D’autre part cependant, le christianisme ne s’est lié à aucune civilisation particulière et a toujours été une force de subversion et de renouvellement. Son problème aujourd’hui, du moins en Occident, est qu’il n’a plus le monopole des valeurs morales : le matérialisme qu’il a promu est contesté de l’intérieur par une bien-pensance qui n’a plus besoin de se référer au Christ pour exercer, à la place de l’Église mais sans structuration institutionnelle, donc anarchiquement, une tyrannie inquisitoriale tout en agitant la menace d’un châtiment apocalyptique (catastrophe écologique et/ou submersion sous des tsunamis migratoires).

Le christianisme peut-il retrouver sa dynamique révolutionnaire ? Tom Holland en doute.

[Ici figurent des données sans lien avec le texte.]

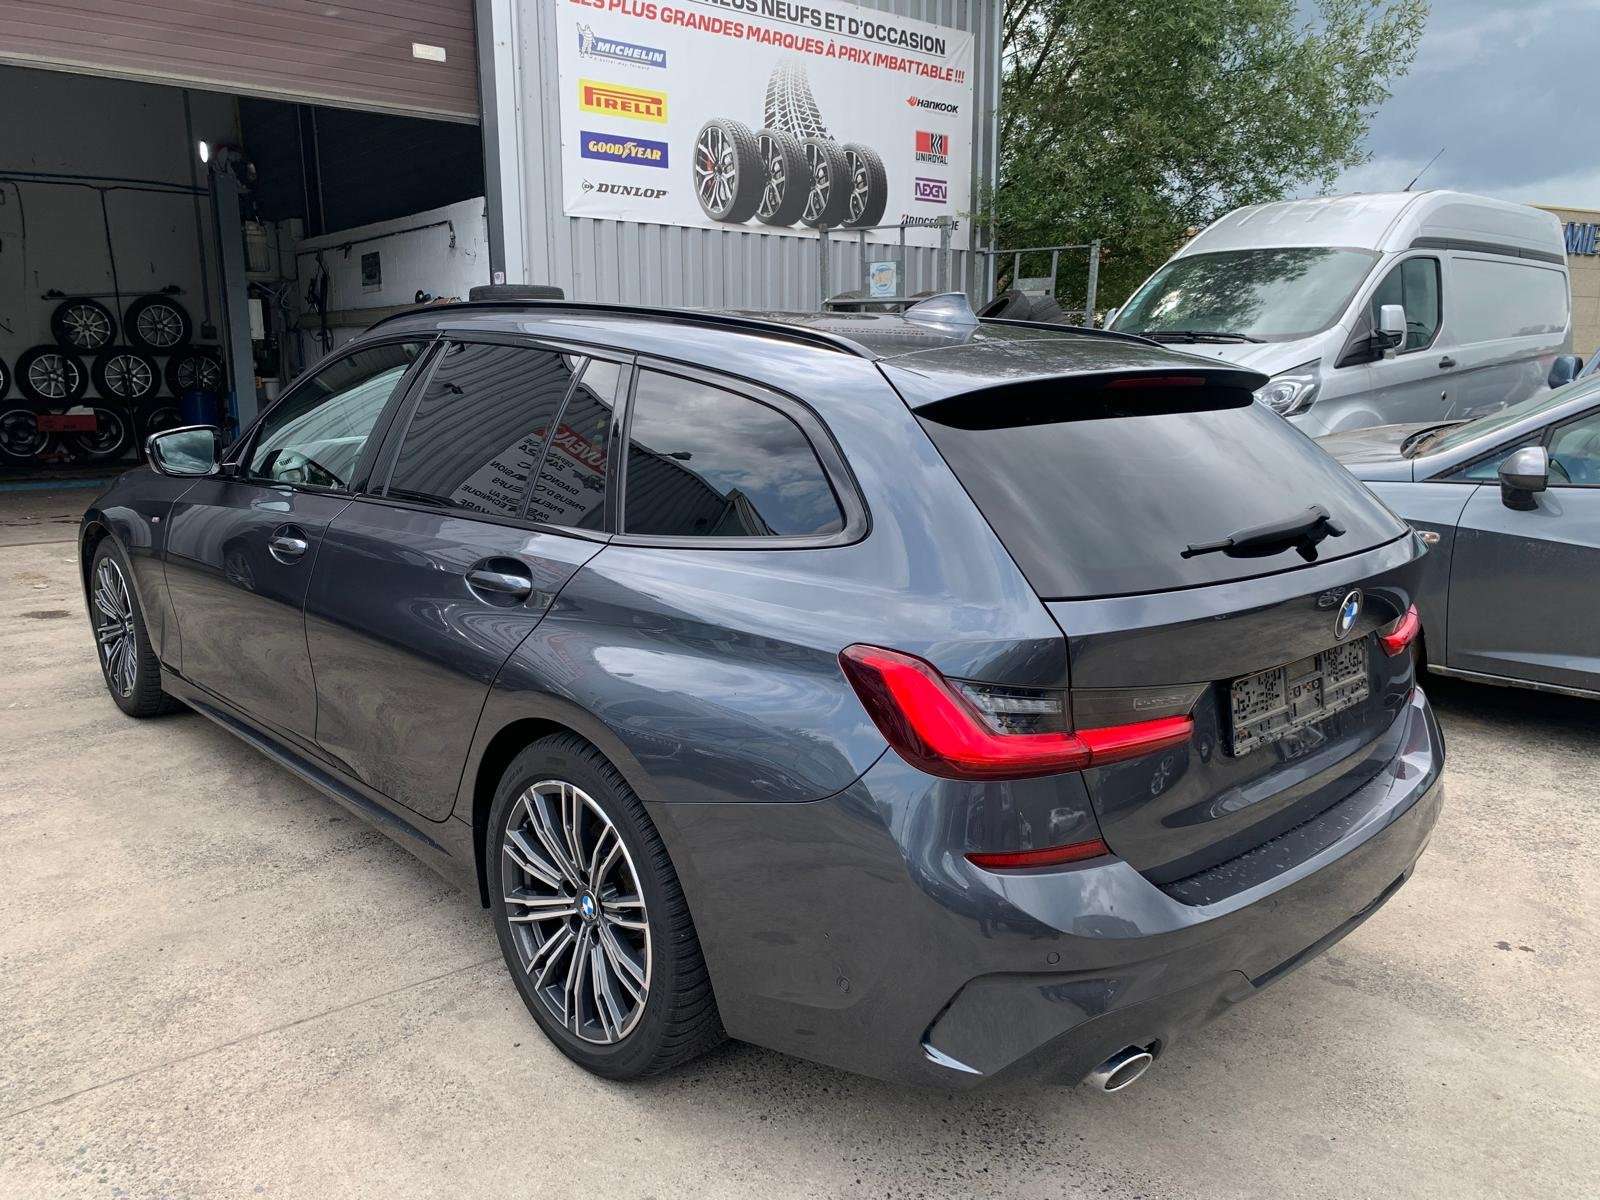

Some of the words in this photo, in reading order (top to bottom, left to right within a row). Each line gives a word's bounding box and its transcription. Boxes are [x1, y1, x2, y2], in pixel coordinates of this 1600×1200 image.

Le sécularisme qui le remplace comme morale non moins répressive est-il assez universel pour résister à la tendance globale aux divisions plutôt qu’à la communion et au retour en force des religions (islam, évangélisme protestant, hindouisme, bouddhisme…) qu’il jugeait dépassées ? Tom Holland en doute encore plus. C’est pourquoi il rejoint la cohorte des penseurs qui soulignent, avec parfois un brin de nostalgie, tout ce que la foi garde à leurs yeux d’indélébile et de positif, sans y adhérer pleinement, ni estimer un renouveau possible dans la société.

On ne trouvait guère jusqu’à présent dans le monde anglo-saxon que l’athée militant Richard Dawkins (né en 1941) pour s’avouer « culturellement chrétien ». C’est une position plus répandue en France1 et c’est peut-être pourquoi le dernier livre de Tom Holland n’a pas tardé à être traduit. Il a le mérite d’éclairer le défi qu’entend relever la nouvelle évangélisation : une incroyance qui n’est plus hostile, mais se considère déjà suffisamment informée et relit même les évangiles et l’histoire de façon stimulante pour les chrétiens.

Jean Duchesne

  1. Le christianisme culturel a déjà fait l’objet du colloque de l’O.F.C. en 2011 (actes disponibles depuis 2012 aux Éditions Parole et Silence). On peut signaler depuis Le Royaume d’Emmanuel Carrère chez P.O.L. en 2014 et en 2018 aux Éditions de L’Herne Ressources du christianisme, mais sans y entrer par la foi de Francois Jullien (invité au colloque de l’O.F.C. la même année ; voir aussi la fiche O.F.C. 2018 n° 19 du 25 avril), ainsi qu’Une certaine inquiétude de François Bégaudeau et Sean Rose chez Albin Michel.